* [What the task requires]: Each record below gets repeated exactly, and pictures stay out of the copy.

* [Data for this exercise]:
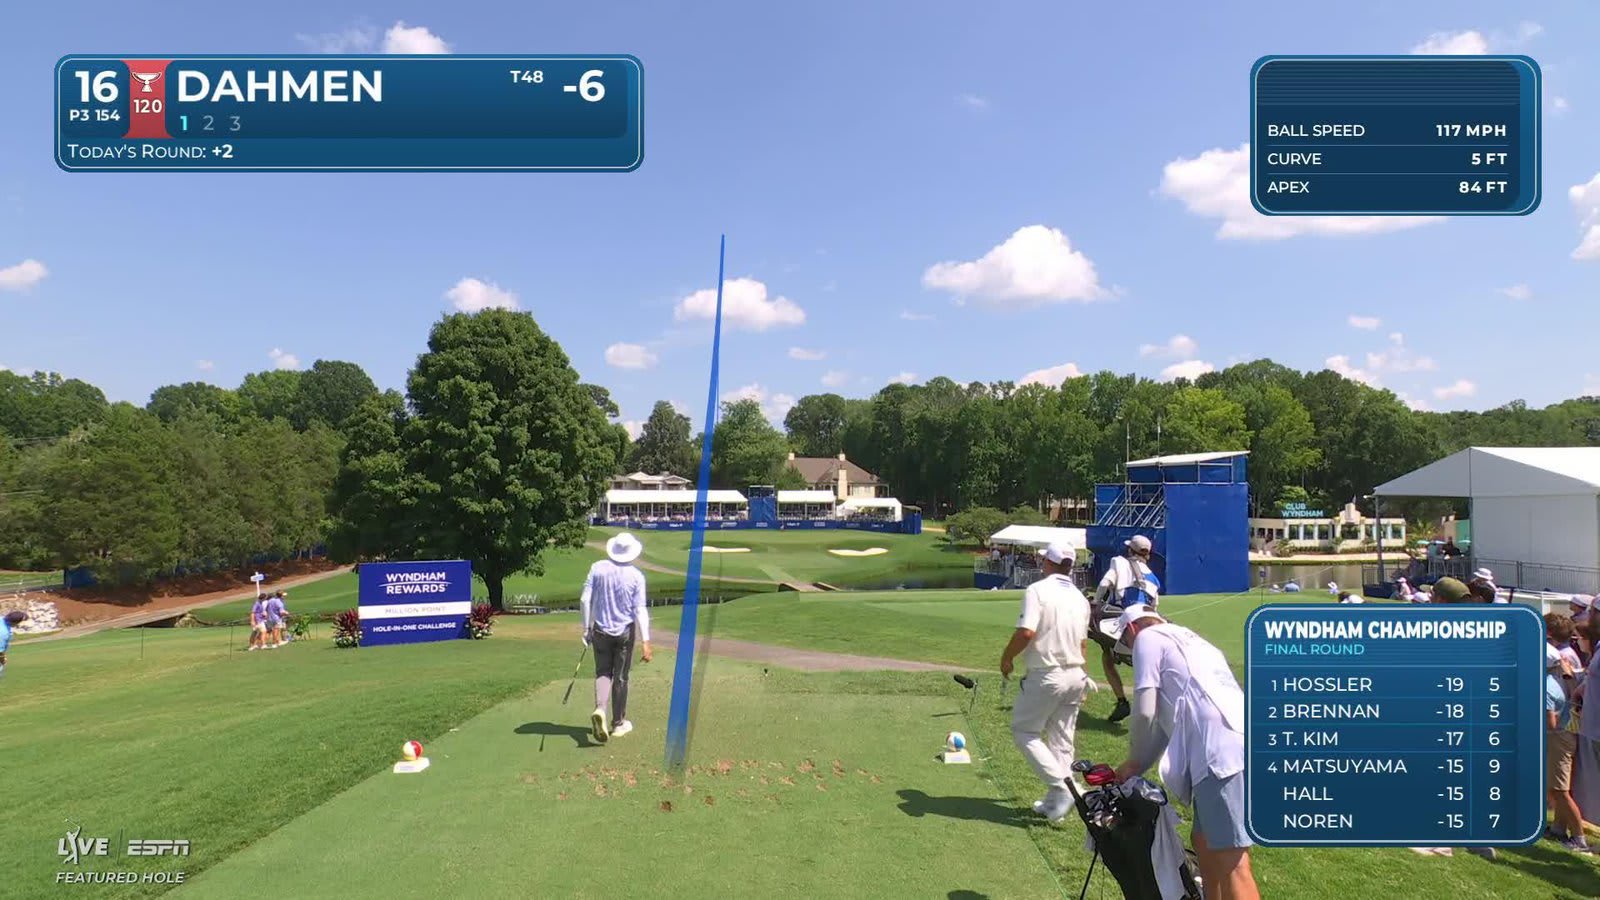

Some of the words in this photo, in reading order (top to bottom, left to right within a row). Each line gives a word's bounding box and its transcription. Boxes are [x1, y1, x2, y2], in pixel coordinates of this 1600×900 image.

[1285, 502, 1306, 510] CLUB
[1281, 510, 1324, 518] WYNDHAM
[386, 571, 446, 583] WYNDHAM
[386, 583, 446, 595] REWARDS
[384, 607, 419, 615] MILLION
[421, 605, 447, 613] POINT
[372, 624, 417, 633] HOLE-IN-ONE
[417, 621, 457, 631] CHALLENGE
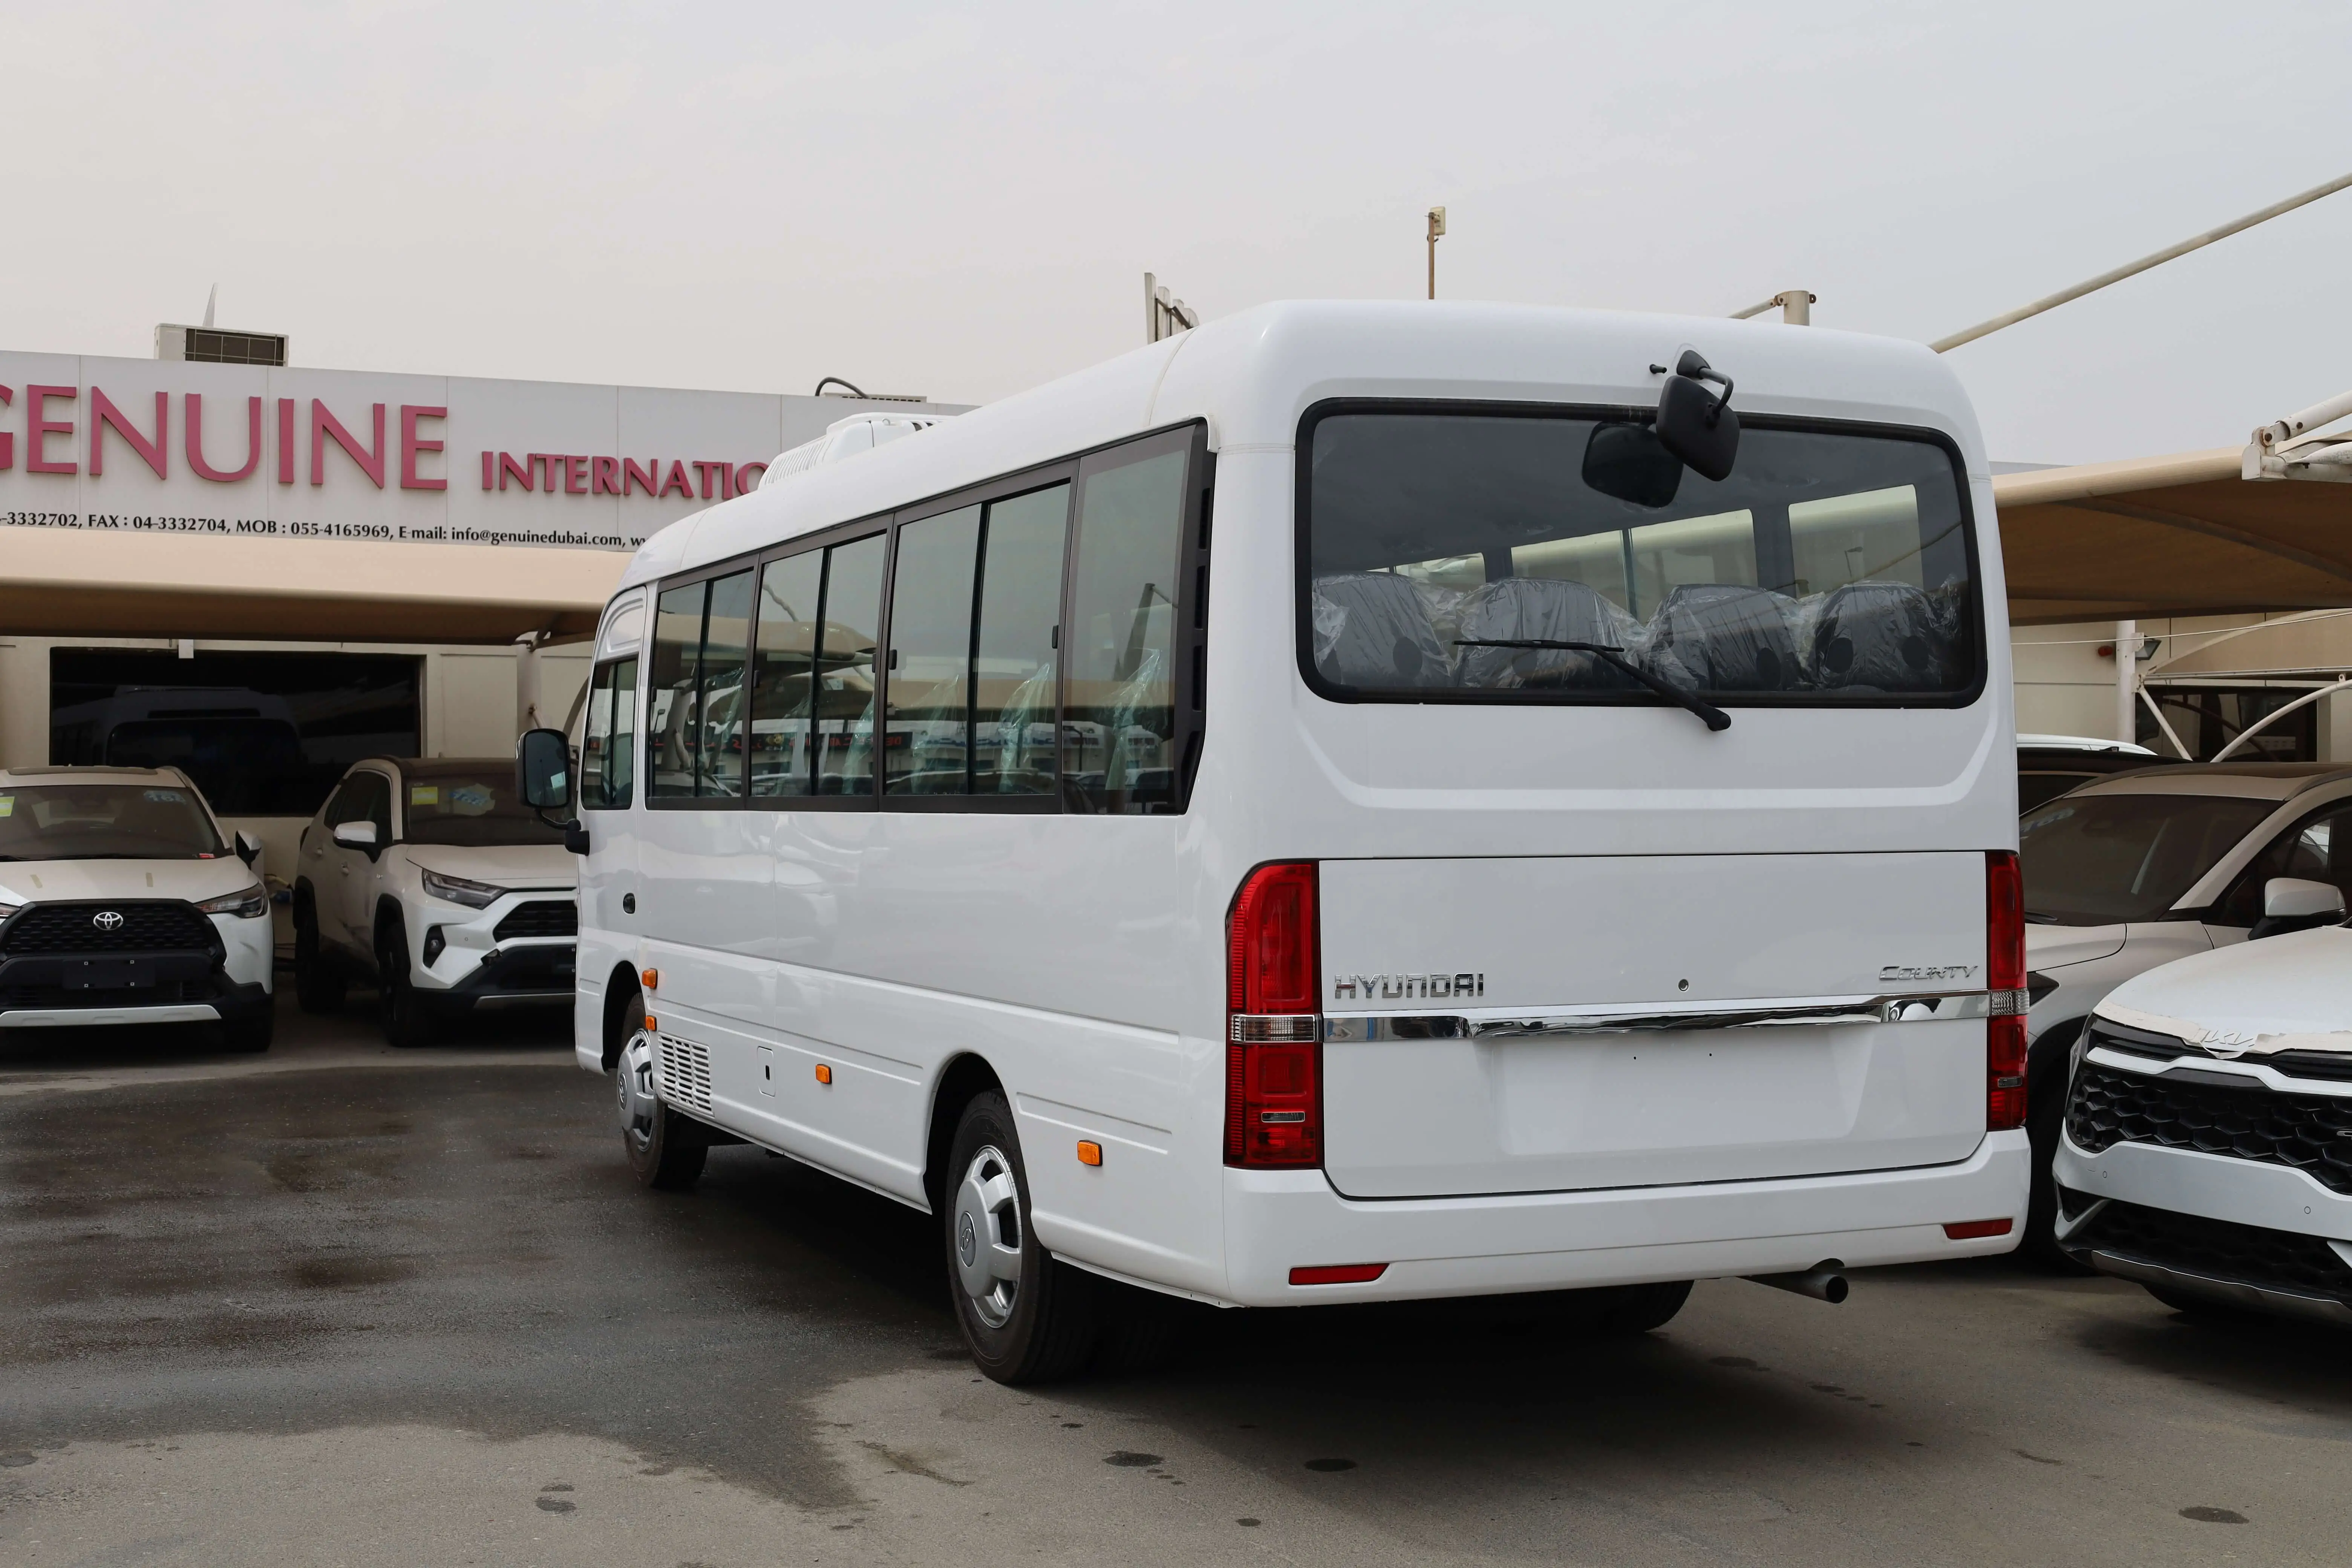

* [Solution for this task]:
Some of the words in this photo, in reading order (top to bottom, left to right within a row). Each line gives a word's bounding box and its transcription. Boxes are [x1, y1, x2, y2], in pixel coordinates of this 1600×900 image.

[1285, 502, 1306, 510] CLUB
[1281, 510, 1324, 518] WYNDHAM
[386, 571, 446, 583] WYNDHAM
[386, 583, 446, 595] REWARDS
[384, 607, 419, 615] MILLION
[421, 605, 447, 613] POINT
[372, 624, 417, 633] HOLE-IN-ONE
[417, 621, 457, 631] CHALLENGE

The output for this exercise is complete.